Research Highlights
Vol.17, November 2019
A gene-therapy approach for treating spinal cord injury
Delivery of messenger-RNA to the spinal cord through direct injection enhances motor function recovery after spinal cord injury in mice
Damage to a human’s spinal cord — the nervous tissue in the vertebral column — can lead to different levels of paralysis. Spinal cord injury (SCI), usually caused by traffic accidents, sports injuries, falls, or violence, can have a major physical and financial impact on a patient’s live, with lifetime healthcare often required. Keiji Itaka from Tokyo Medical and Dental university and the Kawasaki Institute of Industrial Promotion and colleagues have now investigated an approach for the treatment SCI based on gene therapy, showing promising results in mice.

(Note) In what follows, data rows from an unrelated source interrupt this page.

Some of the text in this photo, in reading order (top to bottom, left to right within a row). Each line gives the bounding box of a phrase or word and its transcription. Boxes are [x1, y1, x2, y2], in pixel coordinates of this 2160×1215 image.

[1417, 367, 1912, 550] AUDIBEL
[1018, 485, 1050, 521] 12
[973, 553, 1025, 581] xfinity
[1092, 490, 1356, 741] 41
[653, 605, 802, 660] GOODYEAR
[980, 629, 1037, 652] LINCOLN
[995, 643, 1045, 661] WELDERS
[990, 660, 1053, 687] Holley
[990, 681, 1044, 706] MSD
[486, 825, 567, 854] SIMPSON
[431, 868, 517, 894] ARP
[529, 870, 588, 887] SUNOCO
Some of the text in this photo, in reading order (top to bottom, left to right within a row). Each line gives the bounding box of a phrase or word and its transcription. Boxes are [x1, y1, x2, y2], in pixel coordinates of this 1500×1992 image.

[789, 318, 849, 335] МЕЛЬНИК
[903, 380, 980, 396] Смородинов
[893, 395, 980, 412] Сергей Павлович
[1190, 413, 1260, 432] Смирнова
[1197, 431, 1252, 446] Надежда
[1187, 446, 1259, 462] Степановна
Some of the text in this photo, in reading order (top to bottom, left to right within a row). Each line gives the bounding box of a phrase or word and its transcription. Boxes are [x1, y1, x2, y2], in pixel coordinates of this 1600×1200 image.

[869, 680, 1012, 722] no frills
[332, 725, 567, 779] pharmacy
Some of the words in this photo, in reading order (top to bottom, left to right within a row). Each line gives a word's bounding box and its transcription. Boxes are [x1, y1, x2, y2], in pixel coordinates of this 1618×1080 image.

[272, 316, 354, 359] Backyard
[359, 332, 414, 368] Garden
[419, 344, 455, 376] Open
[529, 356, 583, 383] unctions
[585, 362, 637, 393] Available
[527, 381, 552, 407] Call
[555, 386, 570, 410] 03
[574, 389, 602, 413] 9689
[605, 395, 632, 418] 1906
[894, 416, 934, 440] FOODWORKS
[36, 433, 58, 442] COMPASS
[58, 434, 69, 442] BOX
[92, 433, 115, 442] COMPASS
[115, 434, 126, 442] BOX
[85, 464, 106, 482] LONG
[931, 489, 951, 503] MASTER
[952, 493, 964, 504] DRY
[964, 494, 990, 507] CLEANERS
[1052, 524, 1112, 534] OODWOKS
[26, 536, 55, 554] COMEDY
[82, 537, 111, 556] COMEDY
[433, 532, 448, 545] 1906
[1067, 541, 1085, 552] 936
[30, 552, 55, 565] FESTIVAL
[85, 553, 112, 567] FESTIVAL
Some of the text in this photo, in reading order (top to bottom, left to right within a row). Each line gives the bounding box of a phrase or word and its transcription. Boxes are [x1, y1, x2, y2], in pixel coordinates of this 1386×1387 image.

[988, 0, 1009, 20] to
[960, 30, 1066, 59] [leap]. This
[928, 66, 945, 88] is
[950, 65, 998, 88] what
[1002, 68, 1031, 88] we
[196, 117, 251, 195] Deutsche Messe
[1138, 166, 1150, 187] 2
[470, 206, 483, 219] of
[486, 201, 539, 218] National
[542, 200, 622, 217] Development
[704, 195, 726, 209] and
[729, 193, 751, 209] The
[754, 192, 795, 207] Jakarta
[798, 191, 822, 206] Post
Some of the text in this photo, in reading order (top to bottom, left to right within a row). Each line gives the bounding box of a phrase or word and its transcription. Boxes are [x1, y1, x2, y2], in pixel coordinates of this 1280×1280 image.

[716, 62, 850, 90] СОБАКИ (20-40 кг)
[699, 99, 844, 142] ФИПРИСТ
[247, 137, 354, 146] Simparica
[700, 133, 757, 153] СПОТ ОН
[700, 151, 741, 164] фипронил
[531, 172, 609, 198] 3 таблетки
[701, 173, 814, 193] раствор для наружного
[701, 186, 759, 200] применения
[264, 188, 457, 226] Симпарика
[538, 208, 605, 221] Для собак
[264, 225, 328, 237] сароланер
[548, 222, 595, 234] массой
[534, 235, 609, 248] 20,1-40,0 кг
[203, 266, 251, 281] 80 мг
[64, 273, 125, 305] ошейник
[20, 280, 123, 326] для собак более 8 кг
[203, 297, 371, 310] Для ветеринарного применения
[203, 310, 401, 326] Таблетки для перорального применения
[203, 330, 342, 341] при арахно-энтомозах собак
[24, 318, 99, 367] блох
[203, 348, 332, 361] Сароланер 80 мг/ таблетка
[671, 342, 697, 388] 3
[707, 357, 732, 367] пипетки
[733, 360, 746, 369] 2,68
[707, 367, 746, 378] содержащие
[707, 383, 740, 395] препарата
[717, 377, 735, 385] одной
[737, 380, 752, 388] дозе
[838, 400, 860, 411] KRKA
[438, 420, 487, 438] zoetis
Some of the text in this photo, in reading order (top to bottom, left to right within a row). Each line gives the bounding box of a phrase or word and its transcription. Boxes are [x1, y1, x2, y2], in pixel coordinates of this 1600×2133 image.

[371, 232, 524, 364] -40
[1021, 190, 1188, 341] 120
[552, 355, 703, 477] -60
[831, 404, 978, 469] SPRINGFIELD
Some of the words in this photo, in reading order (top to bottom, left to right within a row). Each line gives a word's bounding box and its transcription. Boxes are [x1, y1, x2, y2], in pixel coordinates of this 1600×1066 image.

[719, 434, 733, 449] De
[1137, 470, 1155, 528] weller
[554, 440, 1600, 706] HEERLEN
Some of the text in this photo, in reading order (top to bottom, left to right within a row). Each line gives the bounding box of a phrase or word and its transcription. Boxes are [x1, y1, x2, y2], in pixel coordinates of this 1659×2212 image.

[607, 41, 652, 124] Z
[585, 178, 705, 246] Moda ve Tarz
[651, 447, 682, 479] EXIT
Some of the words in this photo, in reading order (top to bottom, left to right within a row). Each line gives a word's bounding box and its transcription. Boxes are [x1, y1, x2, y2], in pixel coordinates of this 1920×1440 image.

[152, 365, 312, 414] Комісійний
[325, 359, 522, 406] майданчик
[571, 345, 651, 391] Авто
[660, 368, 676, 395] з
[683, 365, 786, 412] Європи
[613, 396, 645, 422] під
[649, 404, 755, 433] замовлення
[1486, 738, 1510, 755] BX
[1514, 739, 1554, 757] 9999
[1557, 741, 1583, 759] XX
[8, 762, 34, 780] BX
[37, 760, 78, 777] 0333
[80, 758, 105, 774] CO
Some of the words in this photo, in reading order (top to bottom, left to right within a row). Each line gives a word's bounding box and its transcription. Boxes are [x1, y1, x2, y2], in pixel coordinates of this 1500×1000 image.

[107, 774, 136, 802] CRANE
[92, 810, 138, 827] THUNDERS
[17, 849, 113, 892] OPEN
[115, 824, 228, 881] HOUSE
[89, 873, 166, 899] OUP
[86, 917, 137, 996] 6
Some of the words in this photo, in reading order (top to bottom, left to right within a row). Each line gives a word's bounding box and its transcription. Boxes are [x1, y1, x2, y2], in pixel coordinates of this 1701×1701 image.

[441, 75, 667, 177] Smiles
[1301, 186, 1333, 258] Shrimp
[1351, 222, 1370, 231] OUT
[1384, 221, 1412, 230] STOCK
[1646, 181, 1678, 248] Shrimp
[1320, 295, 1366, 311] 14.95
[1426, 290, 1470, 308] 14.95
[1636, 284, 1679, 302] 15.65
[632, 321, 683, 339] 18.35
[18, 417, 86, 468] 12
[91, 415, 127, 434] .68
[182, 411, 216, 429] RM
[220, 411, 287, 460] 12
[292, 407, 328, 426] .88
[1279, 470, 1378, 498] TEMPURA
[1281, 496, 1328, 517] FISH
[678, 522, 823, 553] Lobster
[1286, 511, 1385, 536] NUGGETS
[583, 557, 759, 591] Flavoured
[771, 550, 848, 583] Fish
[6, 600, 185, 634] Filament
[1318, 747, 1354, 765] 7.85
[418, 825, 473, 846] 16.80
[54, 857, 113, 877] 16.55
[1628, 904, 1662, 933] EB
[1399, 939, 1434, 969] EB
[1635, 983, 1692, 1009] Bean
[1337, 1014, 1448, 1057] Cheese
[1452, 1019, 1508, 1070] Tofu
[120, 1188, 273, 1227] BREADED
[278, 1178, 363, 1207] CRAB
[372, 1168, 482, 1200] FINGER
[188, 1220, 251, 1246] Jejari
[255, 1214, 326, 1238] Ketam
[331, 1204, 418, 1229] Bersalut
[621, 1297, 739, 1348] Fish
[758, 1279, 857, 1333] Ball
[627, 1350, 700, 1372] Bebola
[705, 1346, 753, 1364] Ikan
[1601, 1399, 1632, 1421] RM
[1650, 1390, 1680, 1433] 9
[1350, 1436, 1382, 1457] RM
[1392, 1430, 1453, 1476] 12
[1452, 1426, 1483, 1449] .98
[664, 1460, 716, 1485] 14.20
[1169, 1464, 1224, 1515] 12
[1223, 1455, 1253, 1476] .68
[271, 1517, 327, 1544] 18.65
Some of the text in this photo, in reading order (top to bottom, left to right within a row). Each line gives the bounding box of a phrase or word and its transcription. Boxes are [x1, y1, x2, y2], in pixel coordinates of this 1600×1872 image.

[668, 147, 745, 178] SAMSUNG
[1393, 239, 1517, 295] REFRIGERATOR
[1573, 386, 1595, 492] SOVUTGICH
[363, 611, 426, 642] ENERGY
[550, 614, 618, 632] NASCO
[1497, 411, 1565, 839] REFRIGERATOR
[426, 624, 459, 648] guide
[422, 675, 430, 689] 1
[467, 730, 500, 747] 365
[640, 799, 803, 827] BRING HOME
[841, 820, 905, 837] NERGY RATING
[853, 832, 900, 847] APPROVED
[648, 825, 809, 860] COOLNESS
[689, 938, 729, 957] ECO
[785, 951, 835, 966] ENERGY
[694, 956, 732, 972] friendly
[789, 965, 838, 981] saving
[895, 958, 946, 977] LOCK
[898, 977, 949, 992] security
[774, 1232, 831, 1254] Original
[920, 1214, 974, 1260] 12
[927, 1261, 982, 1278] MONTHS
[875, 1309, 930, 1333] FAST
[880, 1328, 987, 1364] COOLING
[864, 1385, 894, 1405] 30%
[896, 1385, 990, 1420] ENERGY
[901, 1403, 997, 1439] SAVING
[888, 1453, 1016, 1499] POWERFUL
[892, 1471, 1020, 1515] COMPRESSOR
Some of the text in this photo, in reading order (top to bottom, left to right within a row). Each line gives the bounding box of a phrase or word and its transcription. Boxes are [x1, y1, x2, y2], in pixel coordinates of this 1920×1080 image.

Recovery from SCI is especially difficult because after the initial loss of nerve cells (neurons), secondary injury effects occur, including inflammation, loss of myelin (the protective layer around nerves) and the formation of an internal scar preventing new neurons to be properly organized. The strategy followed by Itaka and colleagues for treating SCI is to prevent these secondary injuries, so that neural tissues can be kept alive. Specifically, the researchers’ approach is based on the delivery of a therapeutic protein to the spinal cord for neuroprotection and stimulation of neuron activity.
The protein that Itaka and colleagues used is brain-derived neurotropic factor (BNDF), which is known to promote the survival of neurons. Delivery of BNDF to the spinal cord tissue is, however, not straightforward: because the proteins cannot cross the blood–brain barrier, direct injection into the spinal cord instead of intravenous injection is required. In addition, the short half-life and weak tissue penetration of BNDF make it difficult to achieve sufficient therapeutic effects by a single administration of BDNF.
The researchers therefore tried gene therapy for BDNF delivery. Rather than directly injecting BDNF to the spinal cord, delivering the DNA that can produce BDNF is more efficient as it needs to be done only once. Even more efficient is using messenger-RNA (mRNA) instead of DNA; the former has the advantage that it does not need to enter a cell’s nucleus to produce protein,leading to prompt protein production in the cytoplasm.
Itaka and colleagues injected BDNF mRNA into the spinal cord of mice that were given SCI by bruising. They monitored the mice’s motor function for a period of 6 weeks after the injury, and observed significant improvement when compared with untreated mice. By the administration of BDNF mRNA, highly-preserved myelinated structures were observed in the injured tissue of spinal cord, representing the neuroprotective effect of BDNF.
The scientists point out that their study is the first to use mRNA therapeutics to the spinal cord, and that for future work, modifications to improve results could include the optimization of the injection protocol and the screening of mRNA encoding different proteins or their combinations. They conclude that “the proof of concept demonstrated … is promising for further research using mRNA to treat SCI.”
Reference:
Crowley, Samuel T. et al. Enhancement of Motor Function Recovery after Spinal Cord Injury in Mice by Delivery of Brain-Derived Neurotrophic Factor mRNA.
Molecular Therapy: Nucleic Acids 17, 465-476 (2019)
https://doi.org/10.1016/j.omtn.2019.06.016
Figure:
[Fig. 1C from the paper]
Figure 1. Delivery of mRNA to the spinal cord in a mouse. Bioluminescent imaging shows the activity of the injected mRNA over time.